Progressives, Take Note: Obamacare And Gun Control
Did Not Propel You To Victory Last Night

by CHARLES C. W. COOKE

Just a few short days ago, the Virginia state senate was run by Republicans, 21 to 19. Then, something remarkable happened. Hoping to spearhead a sweeping set of political and economic reforms, the state’s Democratic governor, Terry McAuliffe, issued a heartfelt plea to the electorate. Standing at a “make or a break moment for his progressive agenda,” McAuliffe conceded that he saw only one way of ensuring himself a “legislative legacy”: the ushering in of a Democratic majority. Only then, he explained, would he be able to work with much-beloved figures such as Michael Bloomberg and President Barack Obama to advance gun control, the expansion of Obamacare, and other popular policies. And should he fail? Well, then these proposals would be stopped in their tracks and the governor would be relegated to a mostly ceremonial role for the remainder of his tenure.

Yesterday evening, in a stunning testament to the potency and popularity of McAuliffe’s pitch, the makeup of the Senate . . . stayed exactly the same as it was before.

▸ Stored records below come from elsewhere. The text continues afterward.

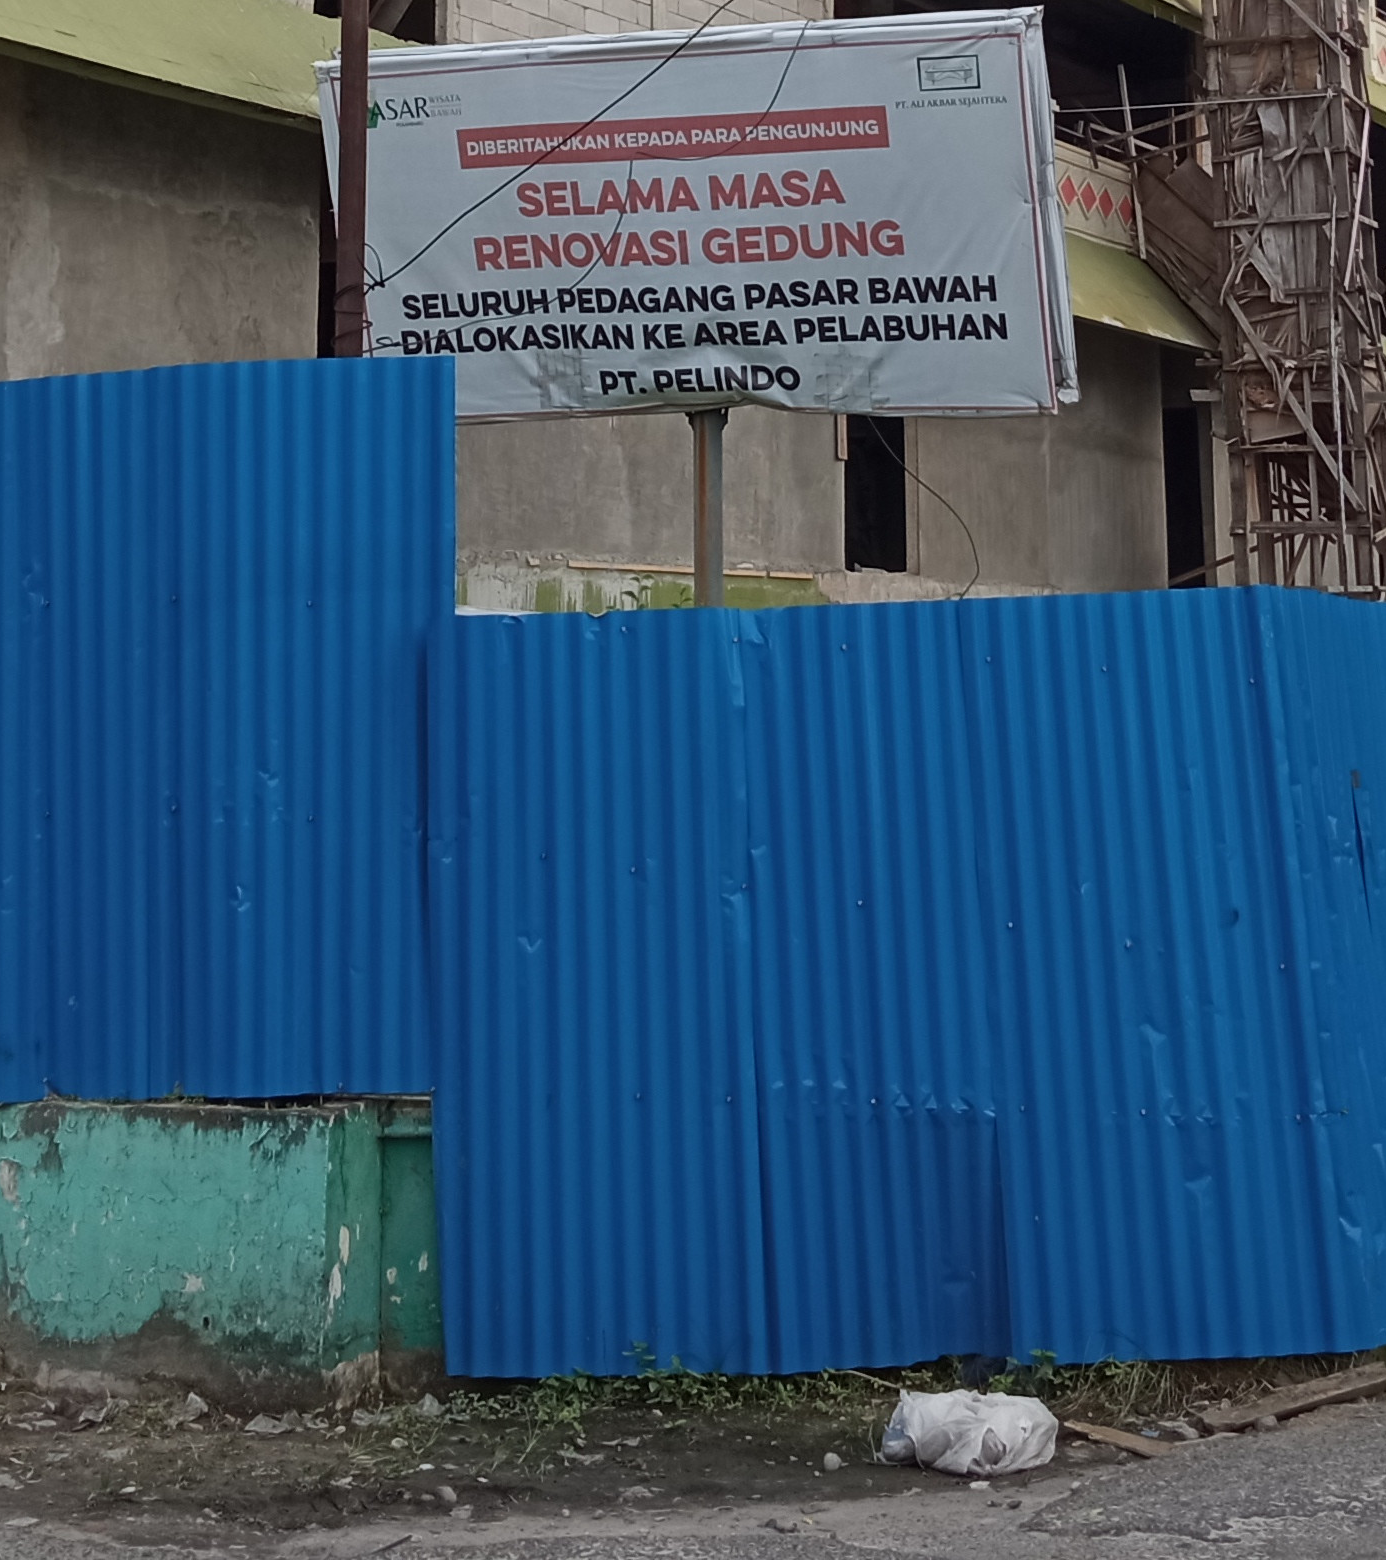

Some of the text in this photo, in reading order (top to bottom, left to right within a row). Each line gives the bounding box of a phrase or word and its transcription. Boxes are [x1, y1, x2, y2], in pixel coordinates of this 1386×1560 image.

[370, 96, 430, 120] ASAR
[895, 95, 1007, 109] PT. ALI AKBAR SEJAHTERA
[466, 119, 880, 157] DIBERITAHUKAN KEPADA PARA PENGUNJUNG
[516, 168, 845, 217] SELAMA MASA
[473, 219, 906, 271] RENOVASI GEDUNG
[401, 274, 998, 320] SELURUH PEDAGANG PASAR BAWAH
[400, 312, 1009, 356] DIALOKASIKAN KE AREA PELABUHAN
[598, 365, 802, 396] PT. PELINDO
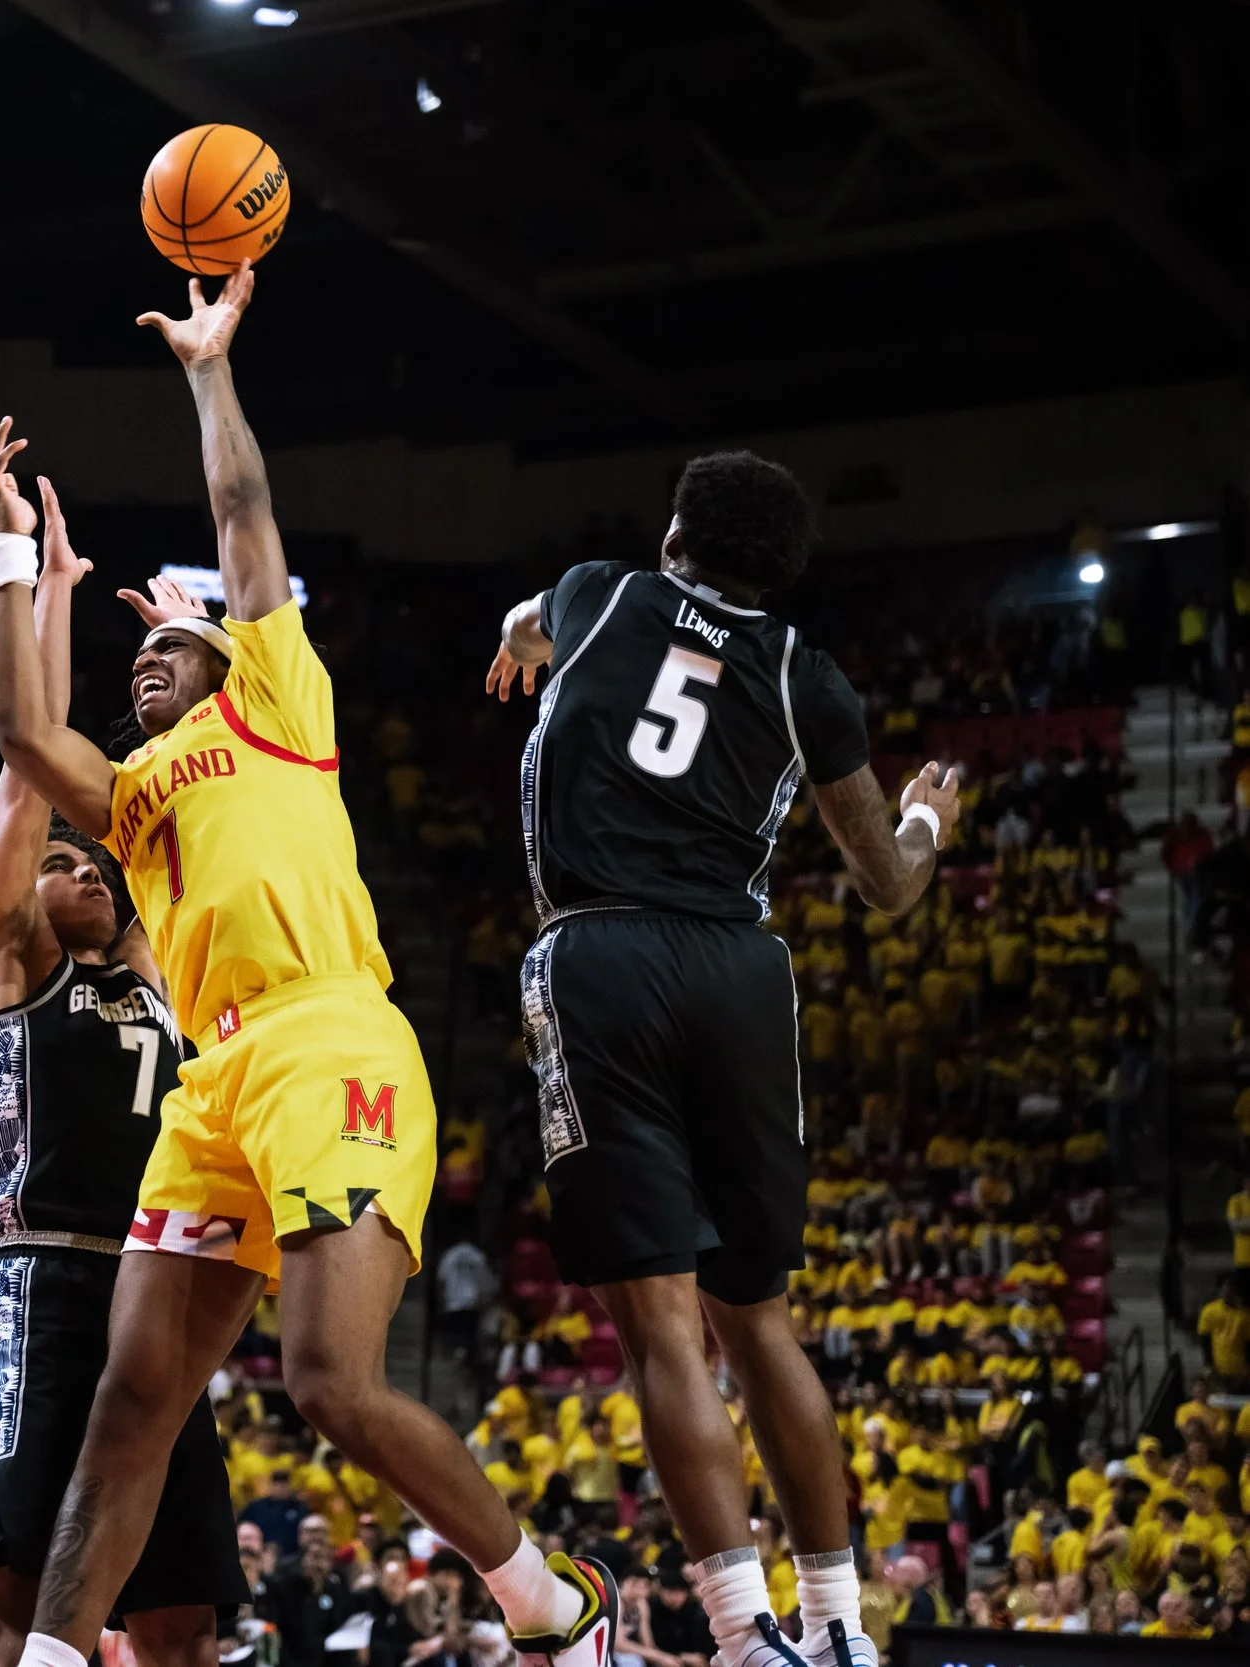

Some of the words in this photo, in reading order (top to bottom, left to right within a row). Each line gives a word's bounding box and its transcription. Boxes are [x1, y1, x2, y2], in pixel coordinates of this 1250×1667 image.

[233, 164, 286, 219] Wilso
[675, 599, 731, 649] LEWIS
[627, 642, 725, 778] 5
[117, 1024, 160, 1118] 7
[341, 1078, 398, 1142] M

McAuliffe’s failure will come as a particular blow to the former mayor of New York, Michael Bloomberg, whose talent and enthusiasm for wasting vast sums of money in pursuit of the impossible remains second to none in scope. Aiming to demonstrate that the restriction of the Second Amendment can be a winning issue for the Left, Bloomberg dropped a cool $2.2 million into the race, the vast majority of which was spent to air a television commercial in which it was argued in earnest that those who are saddened by the cruelty of the deranged and the criminal are obliged to agree to the diminishment of their rights. Rather unsurprisingly, this ploy failed, despite its progenitors’ considerable financial advantage. Overall, Bloomberg’s groups spent more than $2 million trying to flip the two Senate seats that seemed potentially competitive. The NRA — commonly presumed to represent a financial force — spent just 5 percent of that total. The white whale continues to elude.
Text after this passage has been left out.